You cannot expect any soldier to go into battle with bullets (ie drugs) that don’t fit their gun (ie your body’s personal drug requirement)

Neither can you expect soldiers to fire guns when they haven’t been shown where the trigger is (ie how to take our drugs)

They also need to know of potential flaws in the bullets (ie behavioural problems and dyskinesia)and have a system in place that identifies and stops them exploding in our faces

Also I feel we get sometimes get distracted from the day to day dealing with pd by news of new developments in long range artillery (ie Prosavin etc) and nuclear warheads (ie a cure).

It’s good to have hope for a future victory but in the trenches we need help now.

Back to love and peace and what does this all mean for us.
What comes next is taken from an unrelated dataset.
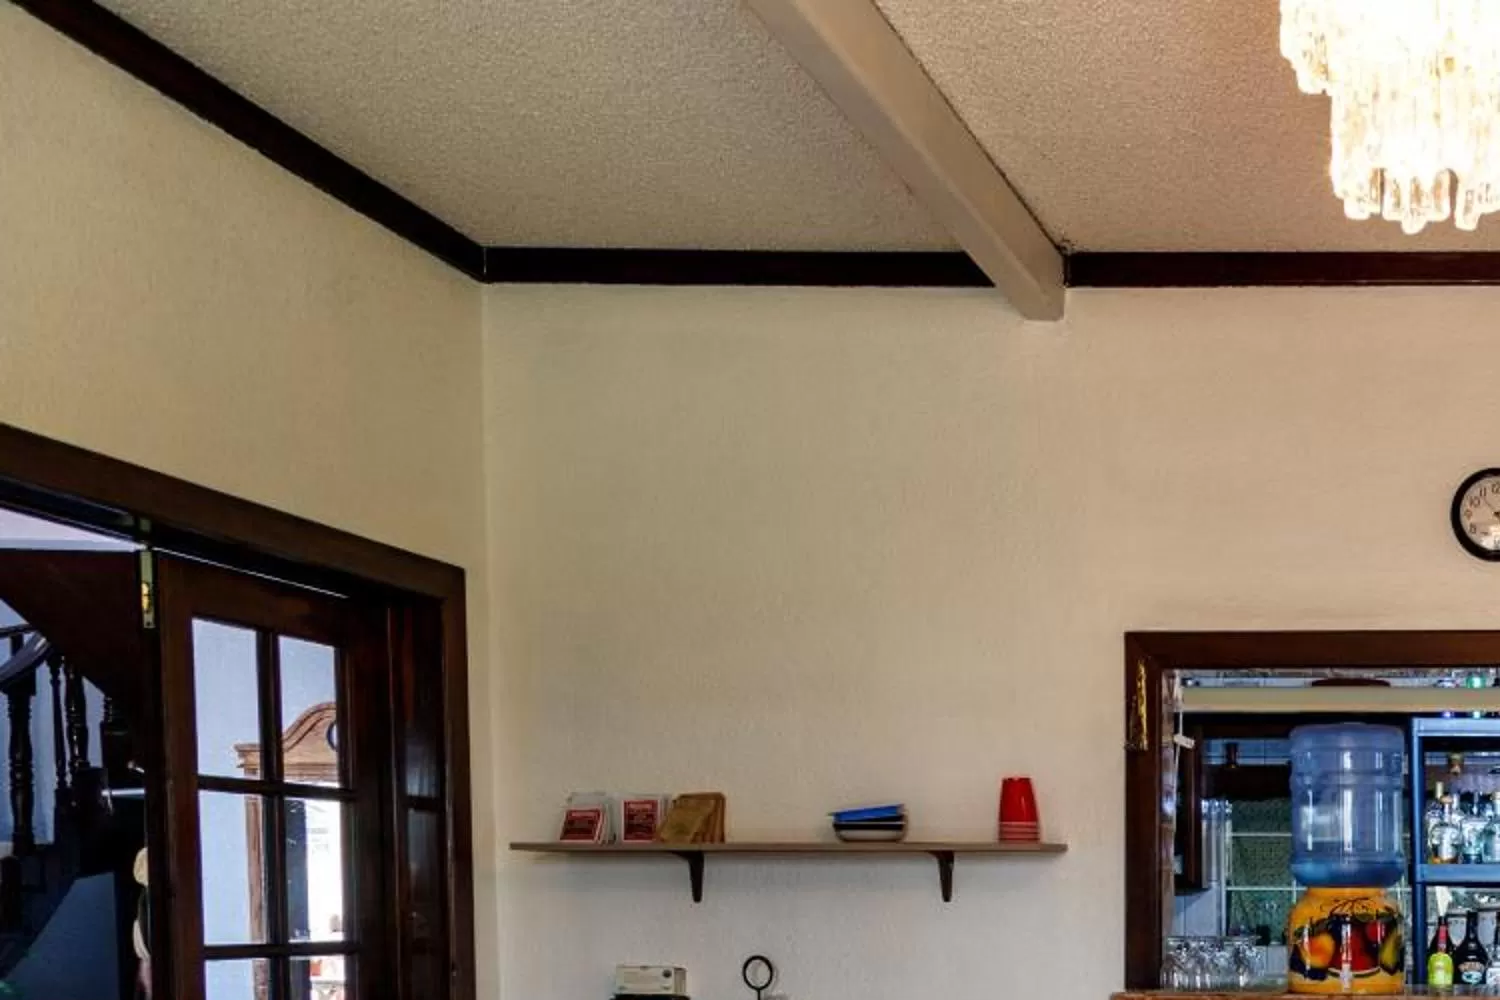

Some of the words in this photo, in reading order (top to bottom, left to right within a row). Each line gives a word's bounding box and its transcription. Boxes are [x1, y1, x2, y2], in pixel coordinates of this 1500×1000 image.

[1479, 487, 1487, 497] 11
[1491, 481, 1500, 494] 12
[1469, 496, 1480, 508] 10
When I was diagnosed back in 2003 I was firstly assessed as to how far my pd had progressed.

My right arm was pretty useless, I couldn’t write or use a computer mouse and my right leg dragged. Fairly advanced I would say.

I was put on a Dopamine Agonist, Mirapexin which was titrated up (introduced gradually in small increments) until I felt the benefit. I was also given a drug to combat feeling sick called Domperidone. This worked great and I was able to drop the Domperidone.

I was then on 3 x 0.7mg tablets, any need for increase was done slowly. Mirapexin worked for me although it created a problem in behaviour.

Dopamine Agonists (DA’s) were generally used to give us more time before the introduction of sinemet / madopar etc.

My neuro is a PD specialist. I believe he adopted the correct approach generally. Mirapexin was augmented with Selegeline and eventually Sinemet Plus was introduced, which worked very well.

The approach was DA plus Selegeline / Azilect then Sinemet/Madopar

I respect that each Neuro has to make his own assessment and that certain drugs don’t suit all people.

However, judging from personal experience and people I know and looking at the postings on a number of forums the following concerns me:

DA’s are being introduced immediately as a slow release. It’s not as easy (if possible at all) to titrate up and patients may have adverse reactions. People are being told to go up to the maintenance dose of a DA even though they are fine on less and the increase is causing a problem for them. These problems then lead to the early introduction of sinemet.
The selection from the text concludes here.